**** RECORDED DATA
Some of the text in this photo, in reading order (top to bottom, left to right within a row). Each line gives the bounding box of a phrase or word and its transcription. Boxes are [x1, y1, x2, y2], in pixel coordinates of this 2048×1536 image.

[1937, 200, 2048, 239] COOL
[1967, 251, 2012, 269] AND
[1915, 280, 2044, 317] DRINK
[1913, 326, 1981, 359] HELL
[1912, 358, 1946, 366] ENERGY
********
> **WORK REQUEST**
Could you copy each line above word for word?

> **EXPECTED ANSWER**
Some of the text in this photo, in reading order (top to bottom, left to right within a row). Each line gives the bounding box of a phrase or word and its transcription. Boxes are [x1, y1, x2, y2], in pixel coordinates of this 2048×1536 image.

[1937, 200, 2048, 239] COOL
[1967, 251, 2012, 269] AND
[1915, 280, 2044, 317] DRINK
[1913, 326, 1981, 359] HELL
[1912, 358, 1946, 366] ENERGY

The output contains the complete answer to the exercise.